I must confess to a sad, shameful event of my teenage life. I belonged to the clique of misfits, punks, and oddballs in my culturally diffuse high school. When I was a freshman, our cadre was deemed misanthropic and untouchable by the rest of the teenage masses. However, by the time I was a junior, the words "alternative" and "individualist" began to become synonymous in the mainstream subconscious with "cool", and dozens of new cliques arose in emulation. We in our clique, of course, regarded these new eclectic groupies as nothing but copycats and trendies, and disdained them just as we had been disdained by our peers only months before (ah, the horrifying judmentalism of the teenage mind). Now, there was one girl in one of these groups (Angela, I believe) who, in addition to being terrifyingly cute, also had a massive crush on me. Indeed, she may have been the only girl in our school who ever had any interest in me, and the fact that she had large, dark, sultry eyes, delicate skin, and a wondrous bust should have been enough to have made me fall to my knees and praise God for my good fortune. But, of course, I did nothing of the kind. In retrospect I denounce myself for my idiot minsdset, but at the time I would have nothing to do with her, simply because she did not meet the standards demanded by my own caste. What was wrong with her? Was her hair just too black? Was it that she listened to Joy Division instead of Black Flag? No, none of this mattered. It was just that we had our group, she had hers, and the unspoken laws of cliquish immaturity demanded that the twain would not meet. I kissed her once at a drunken party, and then never talked with her again that year.

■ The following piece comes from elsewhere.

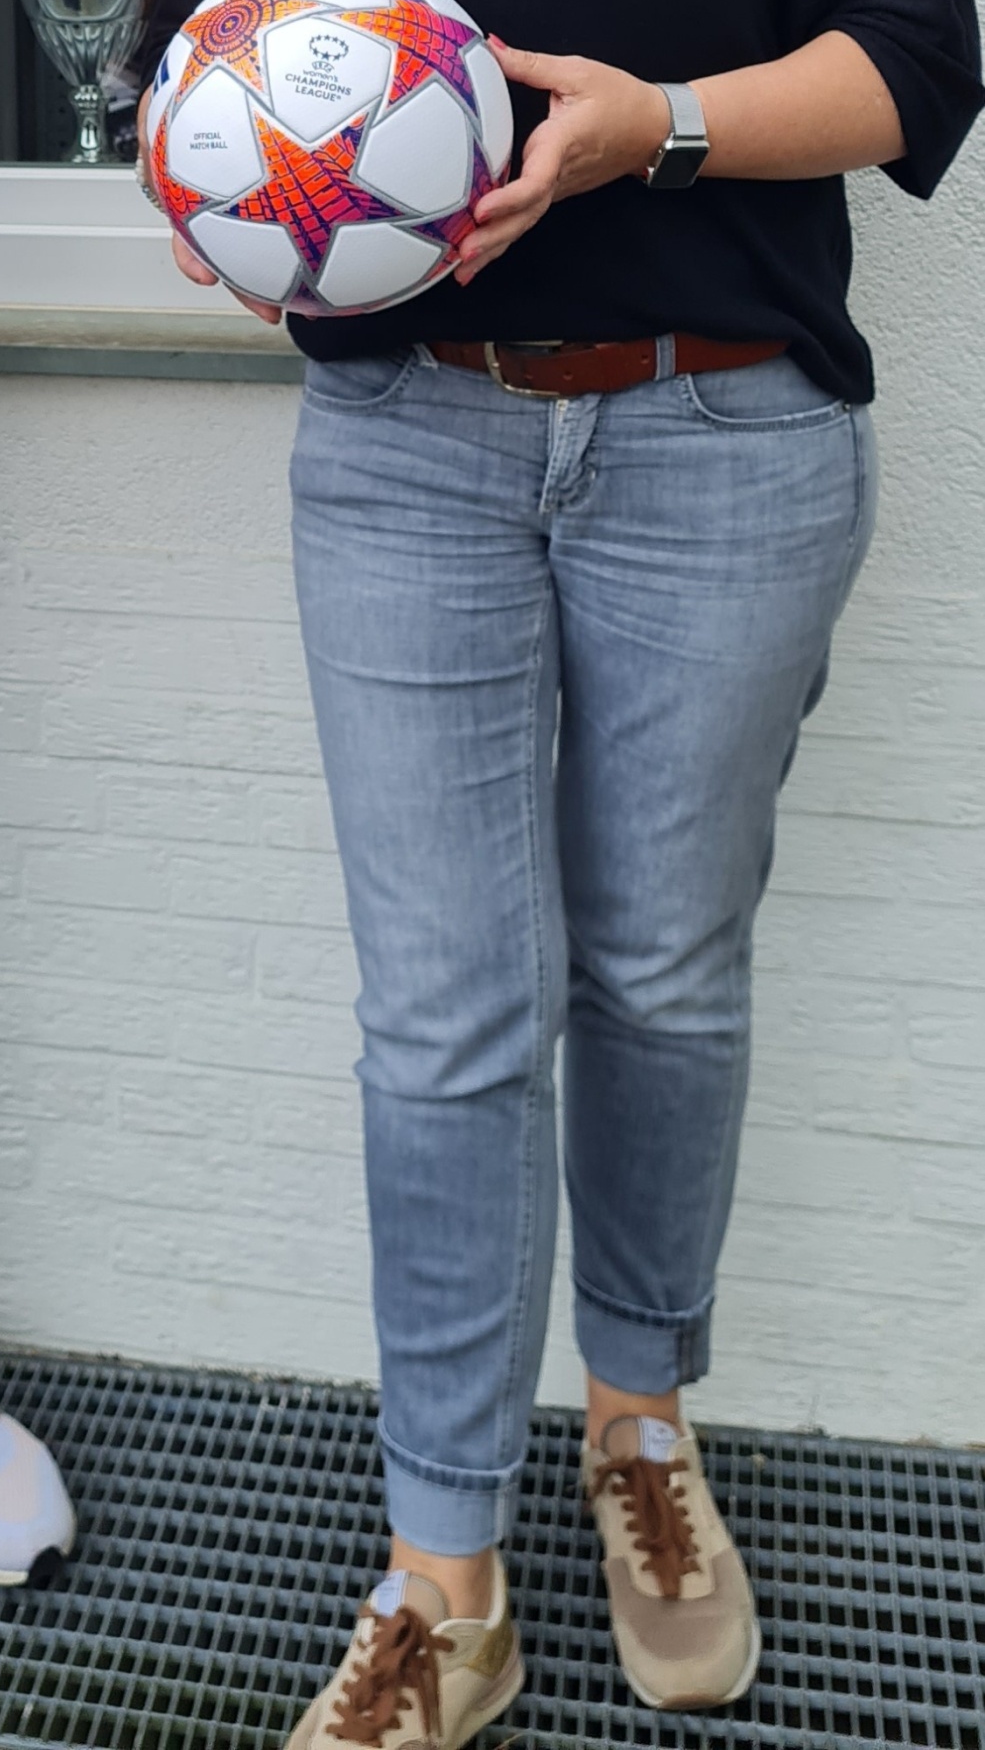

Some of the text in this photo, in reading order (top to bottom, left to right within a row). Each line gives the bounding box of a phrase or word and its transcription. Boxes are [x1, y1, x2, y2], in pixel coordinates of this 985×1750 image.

Why am I relating tales of my own childish moronity? Because, I suppose, we all have shameful teenage secrets to tell, the consequences of the clique dynamics determined by our high school orders. They may be embarrassing and shameful to recall, but if you can - if you can let yourself even fall back into that way of thinking for just a moment - you may begin to understand the Podgorican mentality. Just as, in those days of teenage social confusion, one stayed loyal to one's group lest - horror! - the group demanded your expulsion, so too do the people here remain faithful to their cliques. In a community carved by the forces of clan-based loyalty for generations, I suppose such a development is understandable. It does not make life any easier for the hapless foreigner, however. I am an everywhere outsider to the predetermined cliques that swarm in this town. I am everyone's Angela.
So, despite the beauty of this place, life here in Montenegro is a cold and vacant one. The greyness of my perspective (even on those rare days when it doesn't rain) makes the azure skies, the emerald seas, and the verdant mountains morose and pallid. I know I must leave this land of Vild Beauty.